ものをもらって

すこし動きすぎて疲れて寝ていたら連休の前半が明けました。
もう四月もおしまいの今日のことばのメモ。

その1 ものもらい
ぱきっと美男子な男子に「久しぶりですね、めばちこ出来てませんか」と言われて「よくわかりましたね、ものもらいです」と目蓋をすこしばかりめくって答えましたが、方言は楽しい。私はモノモライのくぐもった語感が好きです。

その2 きむらびん
木村敏『新編 分裂病現象学』(ちくま学芸文庫、2012年)読みはじめ。この厚さの文庫は扱いづらい読みづらい頁も繰りづらい。しかも私は手が痛い。でも持ち歩ける。場所も取らない。すごいな文庫。
内海健さんがあとがきを書かれていて」と紹介されて購買意欲にかられた本だったのですが(なんですかなそれは)、読まず嫌いでした。
キムラさんご自身の現象学の限定をちゃんと書かれていたり、基本的なところがおもしろい。
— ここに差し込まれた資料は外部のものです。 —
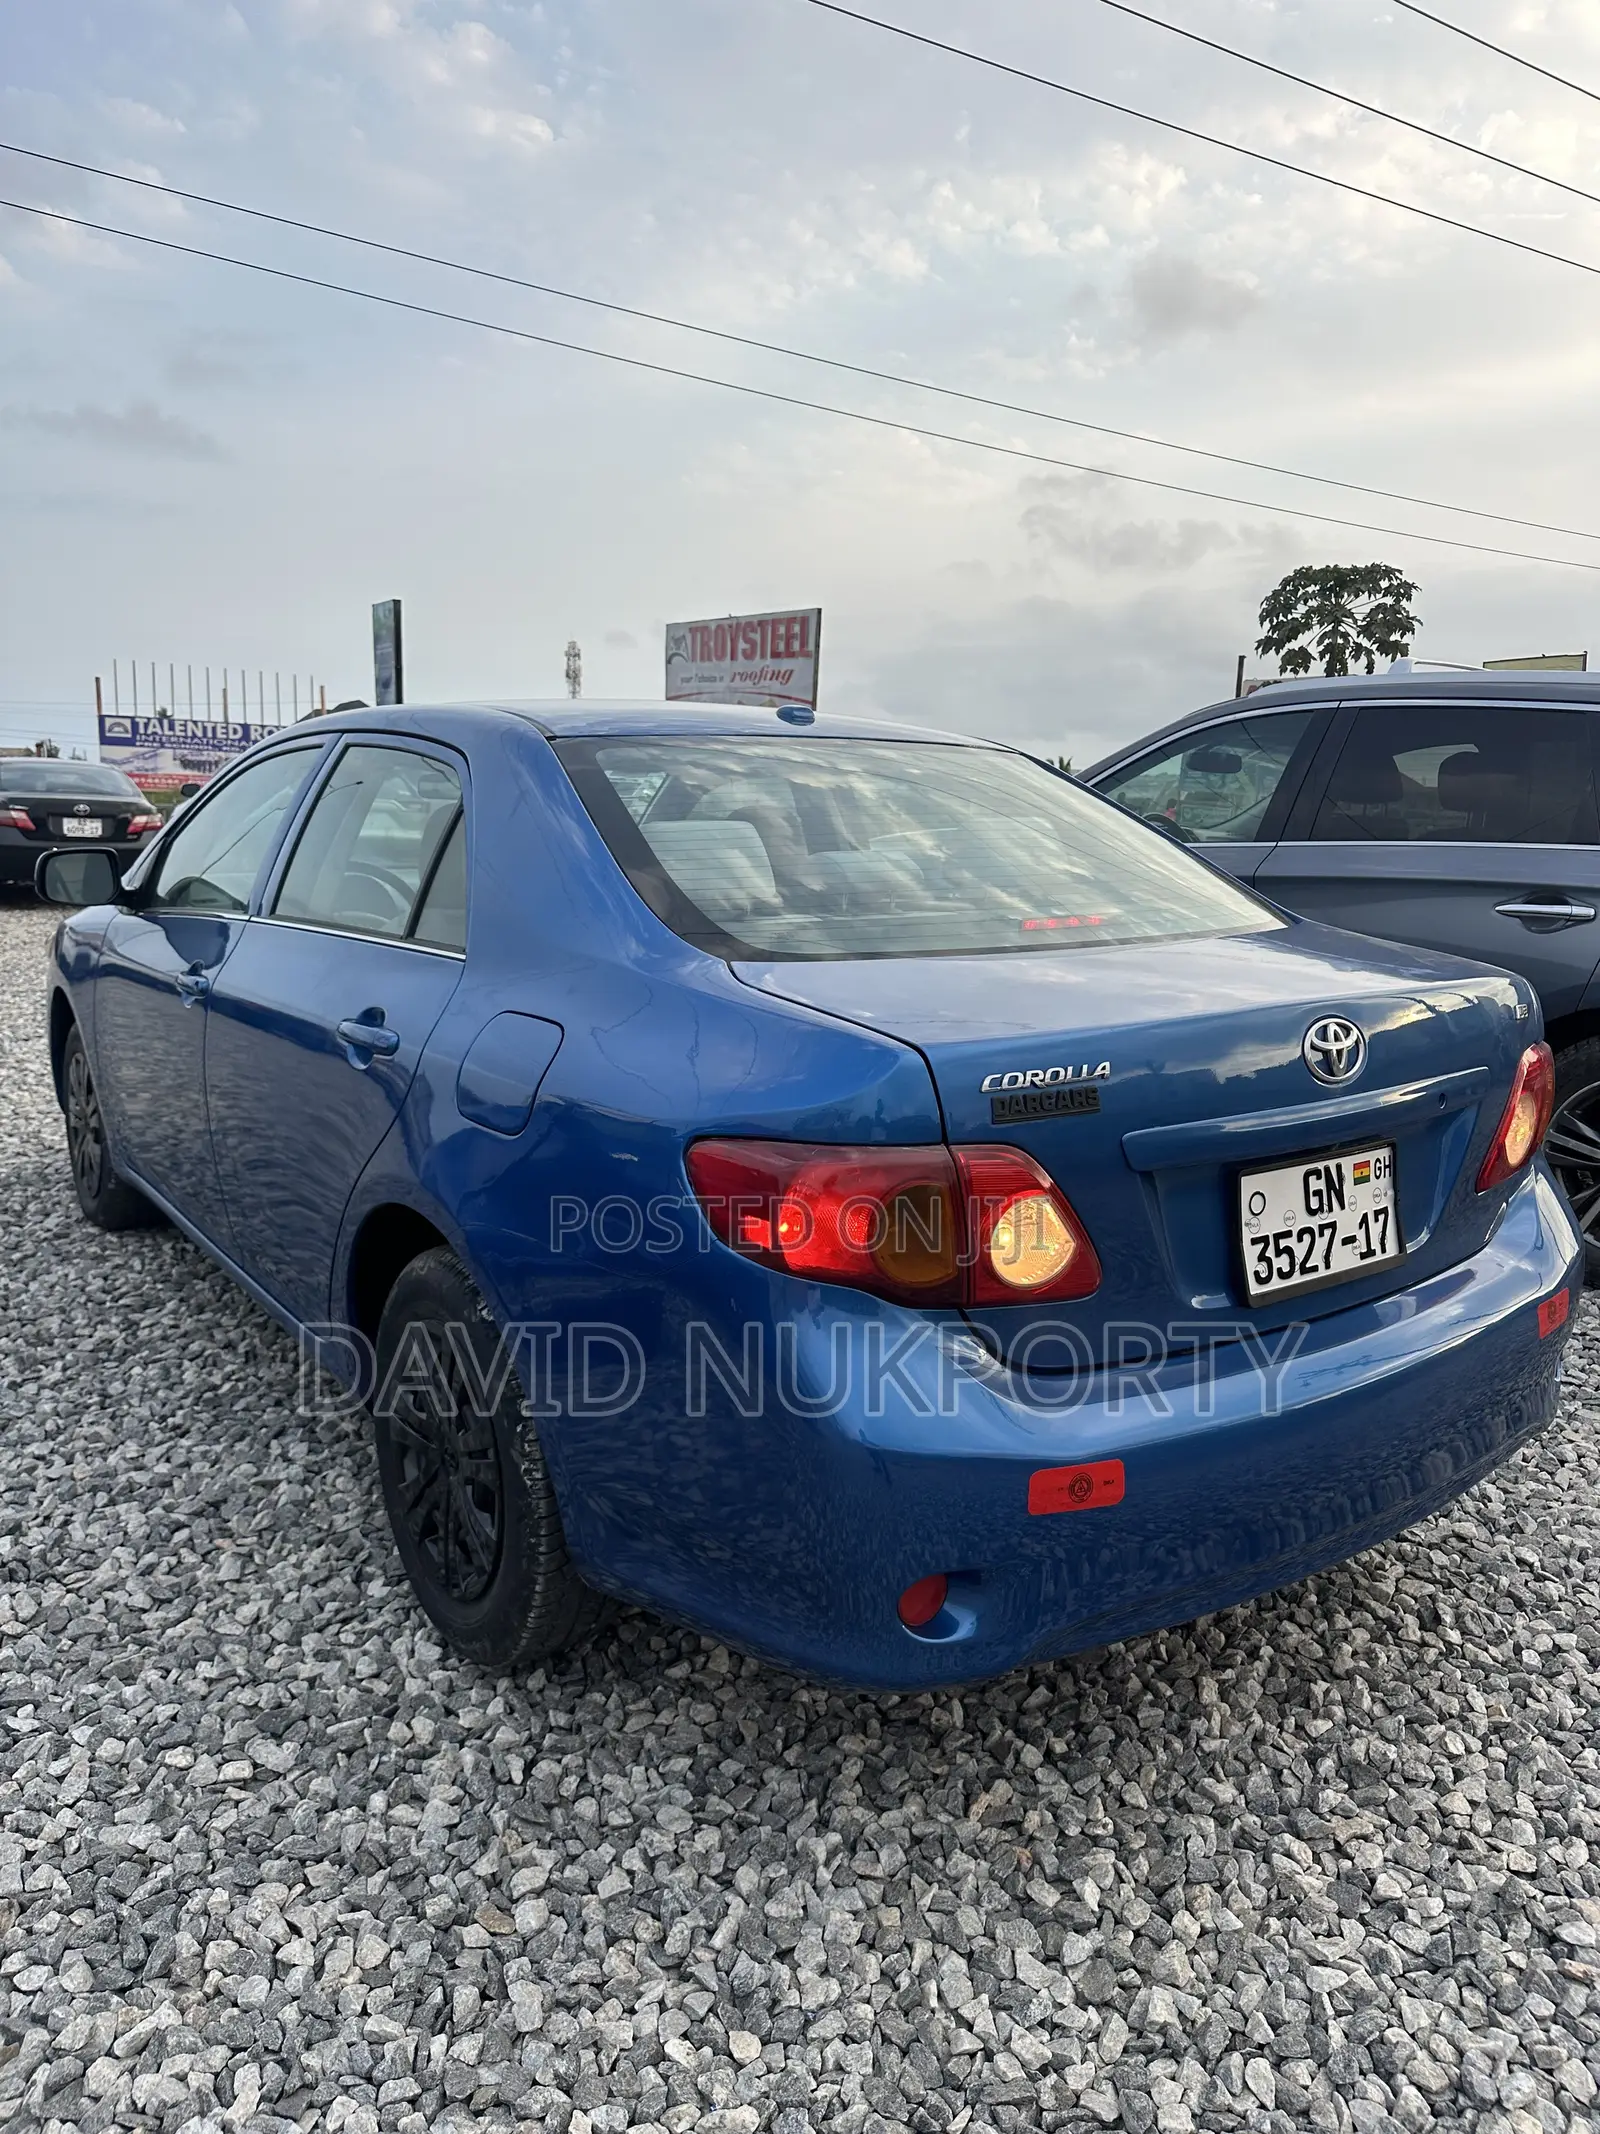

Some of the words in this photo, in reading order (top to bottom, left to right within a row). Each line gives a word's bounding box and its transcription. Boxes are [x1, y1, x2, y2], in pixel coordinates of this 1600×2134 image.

[688, 615, 813, 663] TROYSTEEL
[730, 665, 795, 686] roofing
[135, 717, 244, 740] TALENTED
[250, 725, 288, 741] RO
[980, 1061, 1111, 1093] COROLLA
[1303, 1162, 1346, 1217] GN
[1374, 1155, 1392, 1180] GH
[1250, 1205, 1389, 1285] 3527-17
すぐ読めるのにあまり読まれていないようなのがおもしろい。
ハイデガーはこういうところで足りぬ、ヤスパースの「了解」は底が浅いわ届かんわ、誰それのこの考えもここは評価できるけどここがアカン、ワシはそうは考えぬ、ワシはこのように考える、といった感じで(←もちろんこんなランボーな物言いをされているわけでは決してなくて、あくまで私のランボーな解釈です)すごいなー。
精神医学のことなど、過程やら人格など基本概念からして私は知らずわからずですが、ワカランのでおもしろい。
キムラさんの「人間」がうずまいているけれどもよくワカラン、精神医学から離れていかれたヤスペルス先生を読まんとワカランな、これは新カント派の流れなどいちど整理して見てみないとアカンな、と思ったりするのは私の傾向ですかな。

その3 はなすことはできなくてもかたることはできる
ひとつめ
かたることではなさずにいたり、かたらせることはしてもはなさせはしない、そういうことだってあるんじゃないか。かたりのミュトスが時間を流していく、それを物語りの暴力ともわたしは思う。
ふたつめ
ケアにおいて「語りを聴く」という舞台設定がなされる、それがよくワカラン。
そもそも「語りを聴く」というのが役者と聴衆の関係のように思われますがな(「話す」と「聴く」が分離したのはトーキー映画や電話など19世紀のテクノロジーのおかげとか言いますけどもな。われわれの身体はメディアにつくられているのですがな)。
語りを聴かず騙りを聴かせずとも話したらいいのじゃないか、なんて素朴に思ってしまいます。
「話し」では不可能ななにか、「語り/騙り」では喪われてしまうなにかがあるのでしょうか。
中上健次が老いてちいさくなった母親に昔話を執拗にねだっている姿を連想しましたが(こんなアイデンティティクライシスのありようというのもいまじゃ古典に分類されるんでしょうかな)、すっかり大きなオジサンになった息子にひつこくねだられて何度も繰り返されてきた土地の話を昔話を何度もしてあげる、それは「語り」なのか「話し」なのか。「語り」と「話し」の異なり。
いつだったか「物語から小説へ」とコメントをいただいて、そのまま口ごもったままでいることを(それが私の応答として承認されたことを)想い出しました。